Since the beginning of the new year I’ve been going through a bit of a reading slump. For some reason nothing holds my attention anymore and I’m far more likely to waste hours pointlessly browsing Instagram than reading a book.
However, this past Saturday I was in Coles and passed by a book with a bright red cover and a familiar title; Slaughterhouse Five by Kurt Vonnegut. It was out of place, as if someone had just left it there because they didn’t want it anymore, and the staff recommendation sticker was from a man named Tyler, which just so happens to by my middle name. So, I decided that fate had brought me to this book to get me out of the slump and luckily I was right.
Never in my life have I read such a poignant and profound commentary on the absolutely devastating and destructive nature of war. This book follows our protagonist, Billy Pilgrim, through his life experience as well as his war experience having fought in World War 2 and been at the bombing of Dresden. Billy is an eccentric character and spends much of the book passively accepting the events that happen to him (so it goes).

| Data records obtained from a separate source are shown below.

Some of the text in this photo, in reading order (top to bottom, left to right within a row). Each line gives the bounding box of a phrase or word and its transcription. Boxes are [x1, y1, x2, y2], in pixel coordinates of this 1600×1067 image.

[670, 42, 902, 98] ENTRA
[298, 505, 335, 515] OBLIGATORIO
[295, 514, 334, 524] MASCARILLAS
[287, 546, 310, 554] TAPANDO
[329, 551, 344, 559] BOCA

This book has a very dark humour and the writing style is one that I find to be quite engaging, but it’s not for everyone. It does deal quite a bit with time travel and aliens, which I interpreted to be the after effects and PTSD suffered by the main character, Billy Pilgrim. However, the book is filled with profound insights about human nature, war, life, and death itself.
Revealing its true nature slowly, we watch as Billy Pilgrim begins to exhibit more and more displays of insanity as a result of several traumatic events in his life. From being at the bombing of Dresden to being the sole survivor of a plane crash years later, Billy finds a way to cope by accepting a very passive manner and outlook on life.

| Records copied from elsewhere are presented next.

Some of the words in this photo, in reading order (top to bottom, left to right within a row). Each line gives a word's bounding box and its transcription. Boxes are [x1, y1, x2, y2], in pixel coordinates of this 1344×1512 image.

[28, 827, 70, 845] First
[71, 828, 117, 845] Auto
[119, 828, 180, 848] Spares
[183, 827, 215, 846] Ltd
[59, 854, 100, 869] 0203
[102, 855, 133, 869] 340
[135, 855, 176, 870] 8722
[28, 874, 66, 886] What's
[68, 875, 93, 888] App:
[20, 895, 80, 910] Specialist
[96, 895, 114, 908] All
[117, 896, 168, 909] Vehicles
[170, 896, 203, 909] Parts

Vonnegut continuously puts forth the idea that war is natural, unavoidable and impossible to prevent. In the scenes where Billy Pilgrim imagines that he was abducted by aliens called Tralfamadorians, he often encounters this idea. When Billy points out that the aliens have a peaceful planet and live without war, one responds:
“Today we do. On other days we have wars as horrible as any you’ve ever seen or read about. There isn’t anything we can do about them, so we simply don’t look at them. We ignore them. We spend eternity looking at pleasant moments” (Vonnegut, p. 150).

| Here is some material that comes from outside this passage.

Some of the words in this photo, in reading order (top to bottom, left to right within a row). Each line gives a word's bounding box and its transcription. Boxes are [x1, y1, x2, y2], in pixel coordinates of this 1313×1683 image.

That being said, I’d argue that by continuously emphasizing the inevitability of war, Vonnegut is actually forcing the reader to consider that the opposite may, in fact, be true. War is not necessary. War is not the only answer. War is not natural.
I think Vonnegut makes this point by also including the following quote several times throughout the book: “God grant me the serenity to accept the things I cannot change, courage to change the things I can, and wisdom always to tell the difference.” He’s saying that if humans were wise, we could see that we can change our beliefs and opinions about war. It doesn’t have to be this way.
To really get the full picture you have to read this book. I cannot put into words, the way Vonnegut has, how profound his ideas and messages are. I really hope that if you can tolerate a little bit of a messy timeline and some brief alien interludes, that you pick up this book and give it a good read.